Kobus looked depressed.

“Hey man, Rolf! Patricia here, she’s a tourist. Tracy, Mabel, Lola, they’re tourists.  Maybe Pieter, maybe even Pieter, he’s a tourist. You aren’t. You’ve got a Koevoet tattoo on your shoulder for Christ’s sake! What is this? You were in Koevoet? Or did you get drunk in a Durban bar?”

“Koevoet?” asked Bob. “What’s that?”

“We’ll get to you in a minute, Bob,” said Kobus. “So hey, Rolf. Who are you? I need to know.”

“What I am is my business, Kobus. You’re the guide. I’m the client. What I pay, pays your wages.”

“Fine. OK. Have it your way. I’ll be handing this little lot in at the nearest police station.”

Mabel thought this was a very good idea. Though how near the nearest police station was, she didn’t like to imagine. Tracy, Patricia and Lola were nodding uncertainly. Rolf looked stunned at this outrageous suggestion. Achim glanced at him then returned his dead-snake-gaze to Kobus.

“I’m serious,” said Kobus.

“You out of your mind?” Rolf bellowed suddenly. “Look at the size of them! They’re worth a fortune! Millions man. I’m talking dollars not Rand! ”

Rolf appealed to his English audience.

“Pounds! Not dollars! Look at the size of them! The kaffir’s been dead for years! Nobody knows they exist! That blue stone, alone. It’s worth more than a fortune!”

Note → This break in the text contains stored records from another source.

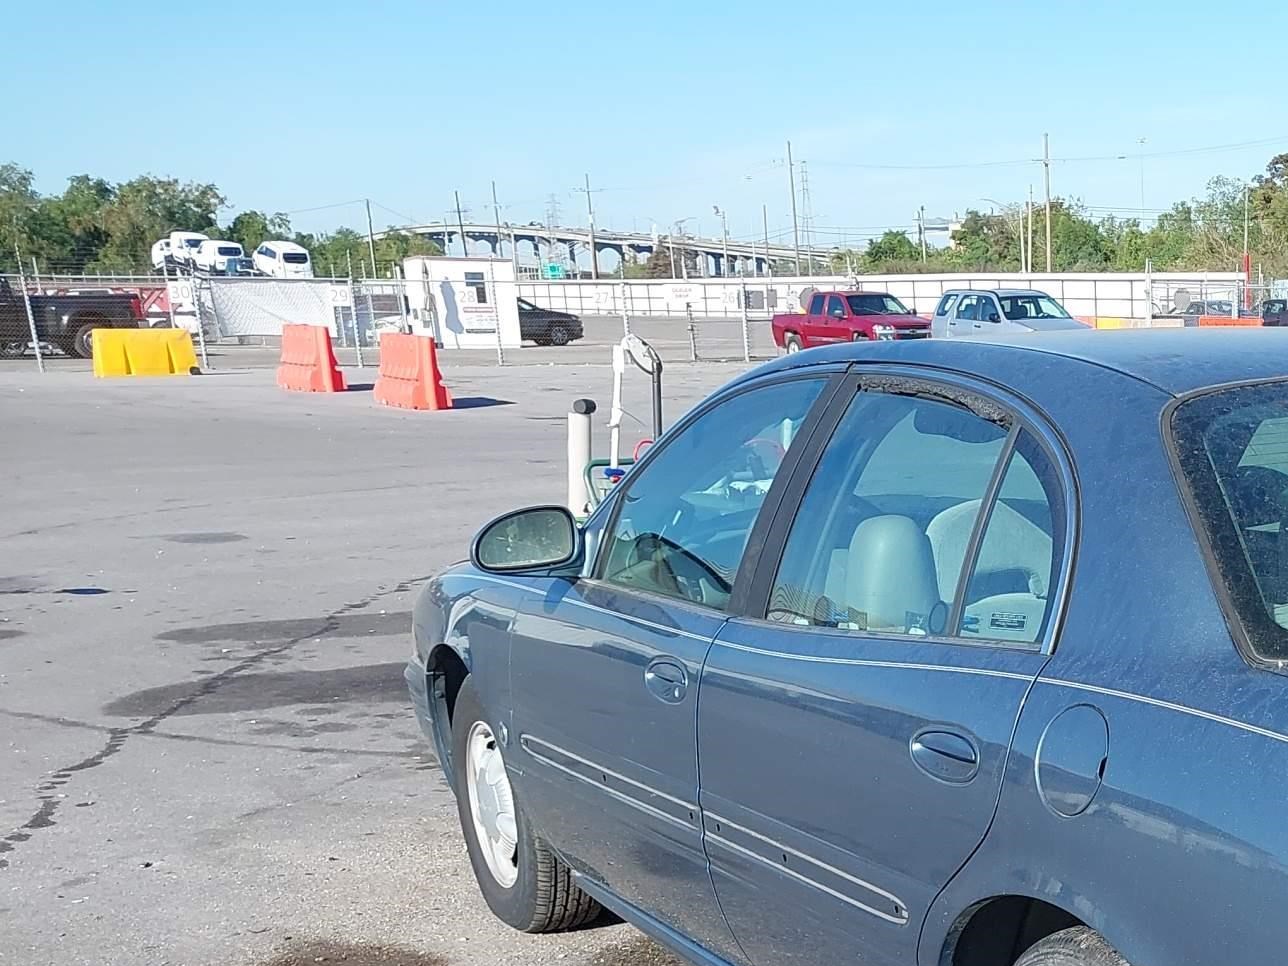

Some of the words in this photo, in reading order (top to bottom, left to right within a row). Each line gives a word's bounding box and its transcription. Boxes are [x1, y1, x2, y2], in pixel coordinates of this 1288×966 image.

[172, 285, 190, 299] 30
[330, 289, 348, 302] 29
[459, 290, 476, 303] 28
[721, 292, 736, 304] 26
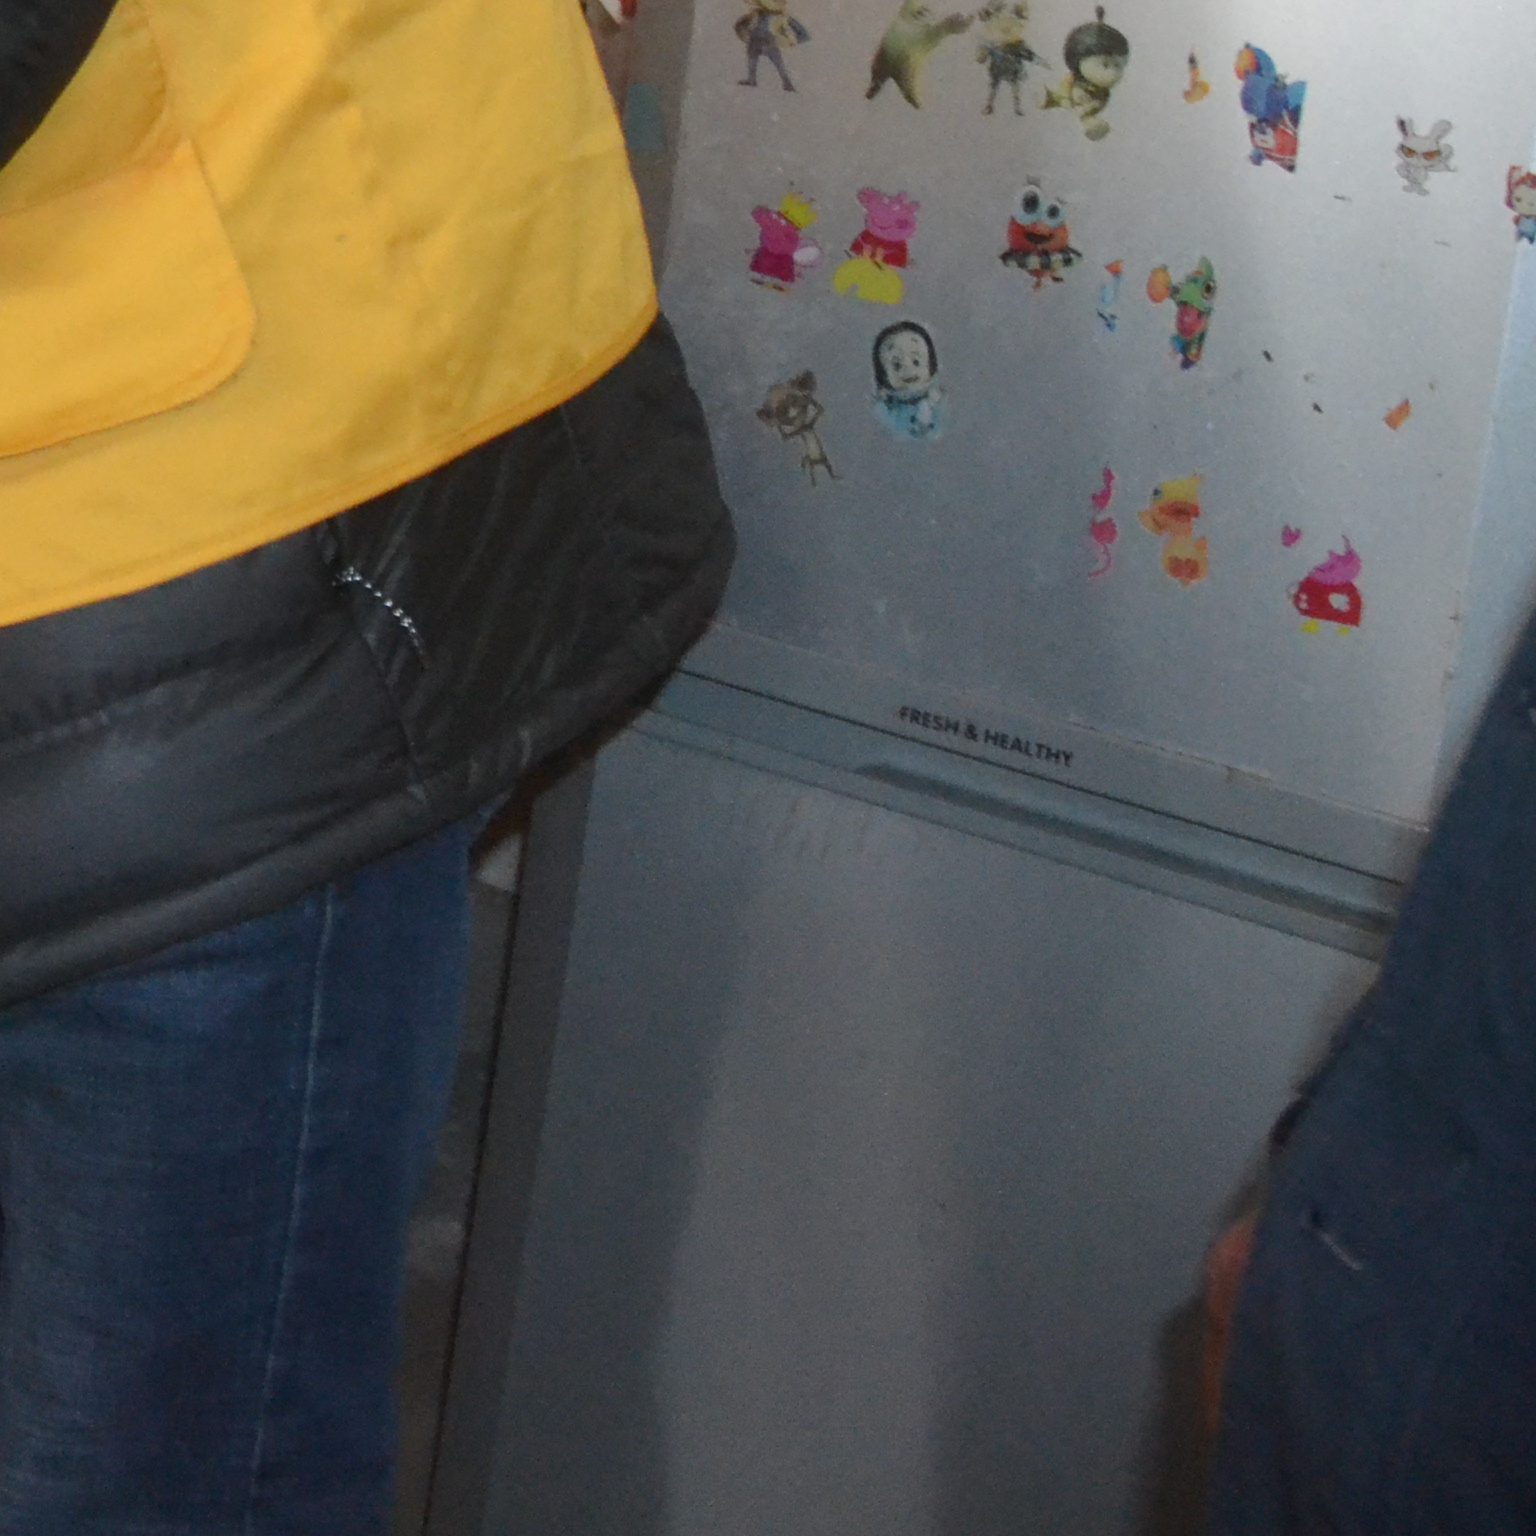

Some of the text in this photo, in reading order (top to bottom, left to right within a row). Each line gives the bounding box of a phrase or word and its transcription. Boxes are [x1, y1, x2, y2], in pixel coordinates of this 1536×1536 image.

[898, 705, 1074, 768] FRESH & HEALTHY
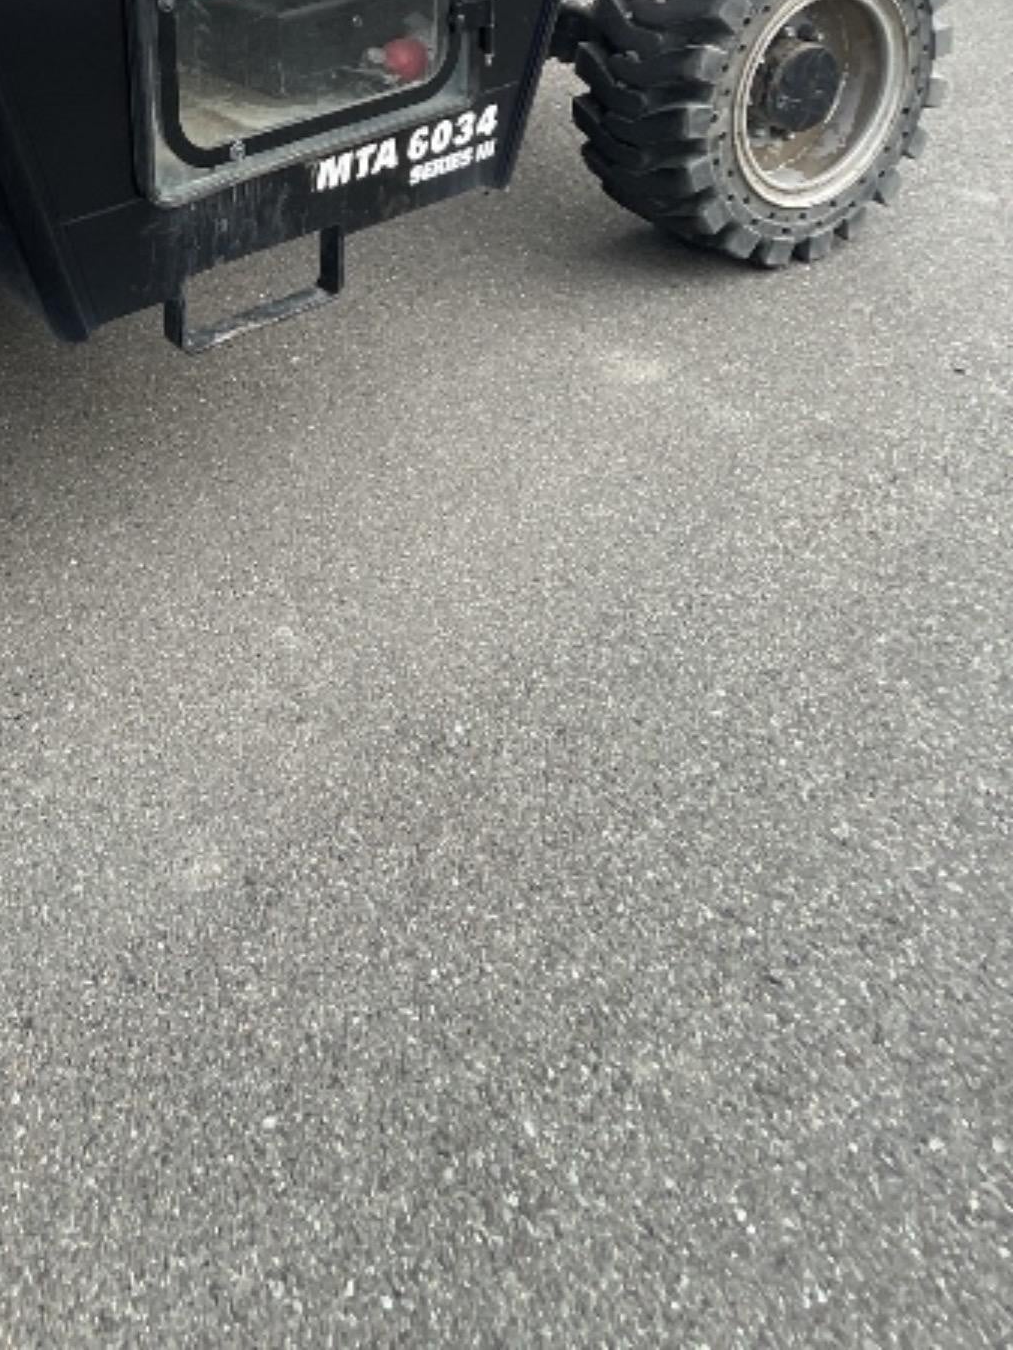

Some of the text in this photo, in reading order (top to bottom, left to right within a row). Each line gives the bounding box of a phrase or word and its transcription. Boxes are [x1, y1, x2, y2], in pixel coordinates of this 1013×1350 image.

[316, 103, 498, 193] MTA 6034
[409, 146, 474, 186] SERIES

Mabel saw that the three English girls were flinching and afraid. Lola didn’t rise to the ‘kaffir’ comment. Patricia felt as if she might subside completely. She was trembling in Mabel’s arms like a small sick animal.

Rolf stopped yelling. He’d noticed his audience, too. He began to speak soothingly.

“Look ladies, let me paint you a picture, hey? Namibia has got loads of things going for it. But the only one that lasts forever is diamonds. You know how old these stones are? They pre-date life itself! Not human life. All life! They’re as old as the planet! And they’ll be here until the planet’s a fucking cinder. What was the name of that James Bond film?”

“Which one?”

Pieter was back.

“Ach for pity’s sake, man. I’m being rhetorical. Diamonds Are Forever.”

“Why is that?”

“Go away! I’m talking!”

“I am here to see if the ladies have allergies to some foods. Spots. Sicknesses.”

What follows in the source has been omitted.